Though we are to liberally construe pro se litigant pleadings, see Mala v. Crown Bay Marina, Inc., --- F.3d --- , No. 10--4710, 2013 WL 57895, at *3-*4 (3d Cir. Jan. 7, 2013), this "pro se practice is a shield against the technical requirements of a past age", Theriault v. Silber, 579 F.2d 302, 303 (5th Cir. 1978), and has its limits. Our Court of Appeals just last month re-affirmed that we "need not provide substantive legal advice to pro se litigants." Mala, 2013 WL 57895, at *3; id. at *4 ("Nonassistance is the rule"). Indeed, our Court of Appeals acknowledged in Mala that "there are limits to our procedural flexibility.

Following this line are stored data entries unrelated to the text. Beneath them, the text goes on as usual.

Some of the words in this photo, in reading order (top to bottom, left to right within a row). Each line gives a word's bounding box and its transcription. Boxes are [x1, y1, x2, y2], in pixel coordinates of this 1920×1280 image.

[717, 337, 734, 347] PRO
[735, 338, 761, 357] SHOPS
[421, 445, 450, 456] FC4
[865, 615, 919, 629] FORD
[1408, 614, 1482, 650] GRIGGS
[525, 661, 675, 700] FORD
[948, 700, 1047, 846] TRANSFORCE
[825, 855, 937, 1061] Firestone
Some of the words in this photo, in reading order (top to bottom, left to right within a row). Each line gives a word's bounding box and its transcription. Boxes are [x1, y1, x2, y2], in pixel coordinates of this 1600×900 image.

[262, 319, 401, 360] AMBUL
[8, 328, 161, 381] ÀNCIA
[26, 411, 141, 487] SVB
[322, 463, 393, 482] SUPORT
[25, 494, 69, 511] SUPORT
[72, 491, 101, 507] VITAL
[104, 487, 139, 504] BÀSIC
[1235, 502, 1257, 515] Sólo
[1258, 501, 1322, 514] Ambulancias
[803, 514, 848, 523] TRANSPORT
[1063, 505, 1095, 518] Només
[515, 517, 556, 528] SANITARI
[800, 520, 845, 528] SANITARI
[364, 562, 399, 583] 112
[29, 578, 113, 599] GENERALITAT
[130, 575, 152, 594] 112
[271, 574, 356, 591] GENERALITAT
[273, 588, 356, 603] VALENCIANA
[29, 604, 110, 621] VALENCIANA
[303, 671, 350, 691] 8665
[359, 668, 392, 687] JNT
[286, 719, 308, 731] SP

For example, pro se litigants still must allege sufficient facts in their complaints to support a claim. . . . At the end of the day, they cannot flout procedural rules -- they must abide by the same rules that apply to all other litigants." Id. And an experienced pro se litigator "has less reason to complain than the neophyte pro se litigant" because "[h]is experiences have made him well acquainted with the courts." See Davidson v. Flynn, 32 F.3d 27, 31 (2d Cir. 1994) (refusing to be flexible when interpreting a complaint because the plaintiff was 'an extremely litigious inmate who [was] quite familiar with the legal system and with pleading requirements'); Cusamano v. Sobek, 604 F. Supp. 2d 416, 445--46 (N.D.N.Y. 2009)." Mala, 2013 WL 57895, at *5.

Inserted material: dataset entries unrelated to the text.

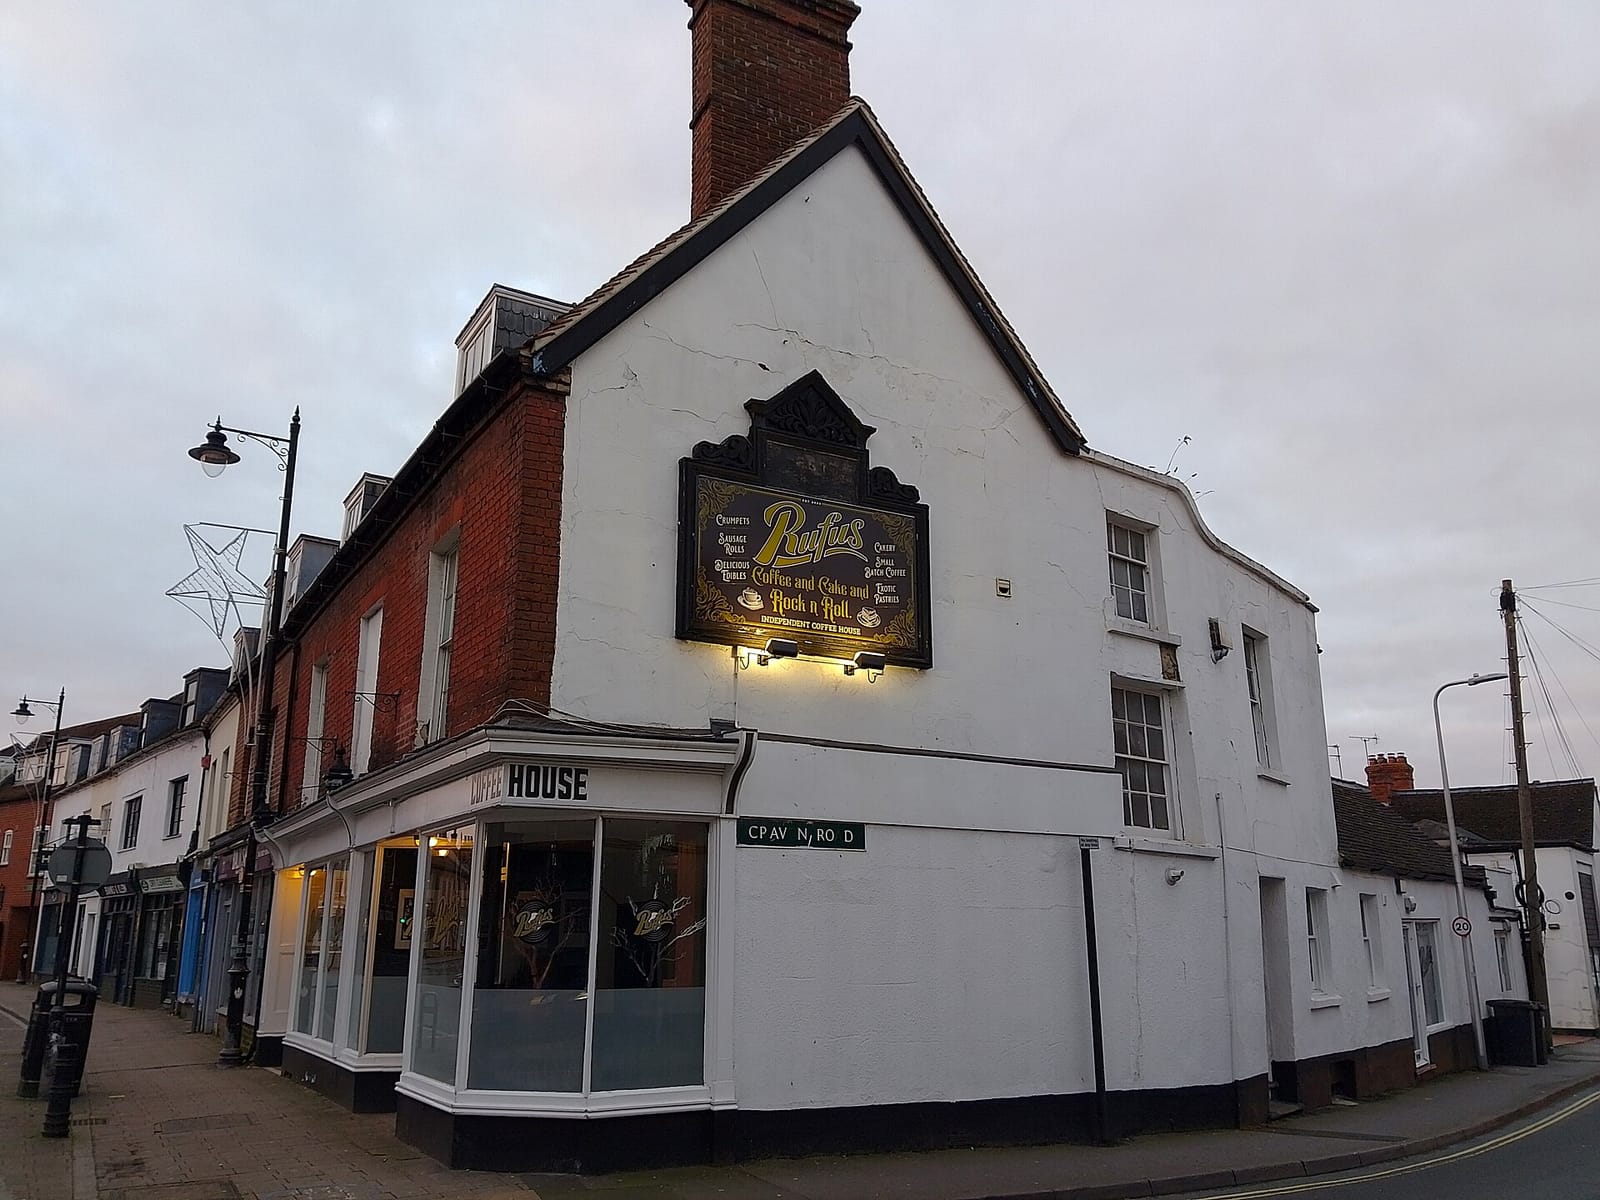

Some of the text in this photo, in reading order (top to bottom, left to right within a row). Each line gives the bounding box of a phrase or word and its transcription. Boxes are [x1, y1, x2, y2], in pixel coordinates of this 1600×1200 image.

[715, 513, 750, 526] CRUMPETS
[718, 532, 747, 545] SAUSAGE
[753, 500, 868, 568] Rufus
[723, 543, 745, 556] ROLLS
[714, 559, 750, 571] DELICIOUS
[875, 556, 895, 568] SMALL
[720, 569, 747, 582] EDIBLES
[864, 566, 906, 579] BATCH COFFEE
[751, 566, 869, 600] Coffee and Cake and
[875, 582, 896, 595] EXOTIC
[769, 588, 806, 617] Rock
[810, 600, 819, 616] n
[873, 593, 900, 605] PASTRIES
[761, 615, 861, 636] INDEPENDENT COFFEE HOUSE
[507, 764, 589, 800] HOUSE
[1455, 922, 1469, 931] 20

III. Background Facts: Schwartz's Legal Representation During the Pre-Trial, Trial, Sentencing, and Direct Appeal Phases of Criminal Action No. 03-35

On January 16, 2003, a Grand Jury returned a twenty-seven count Indictment against Schwartz and his mother, co-defendant Ilene Schwartz.*fn2 A week later the matter was assigned to our docket, and the next day Mark E. Cedrone, Esq., entered his appearance on Schwartz's behalf. At that time Schwartz was released on bail conditions.

By letter dated and faxed to chambers on March 12, 2004, Schwartz, in no uncertain terms, informed us that he was "taking over [his] defense." March 12, 2004 Letter (Chambers Files, Attached as Exhibit). He also made it clear that "[n]othing in this request should be construed to reflect negatively on Mr. Cedrone." Id. Schwartz did not cite any complaint about Cedrone's representation up through that time. He only took issue with the Government's "fail[ure] to produce 'thousands' of documents" and its conduct in relation to a then-potential Government witness. Id.

On March 23, 2004, the Government responded to Schwartz's letter expressing its concern that Schwartz had not clearly and unequivocally requested to represent himself under Supreme Court and Third Circuit jurisprudence. The Government noted that Schwartz's "letter . . . cites no complaint regarding his representation thus far by his counsel". Docket Entry # 54 at

1. We had already scheduled for March 25, 2004 a hearing on Schwartz's desire to represent himself before receiving the Government's response, docket entry # 52.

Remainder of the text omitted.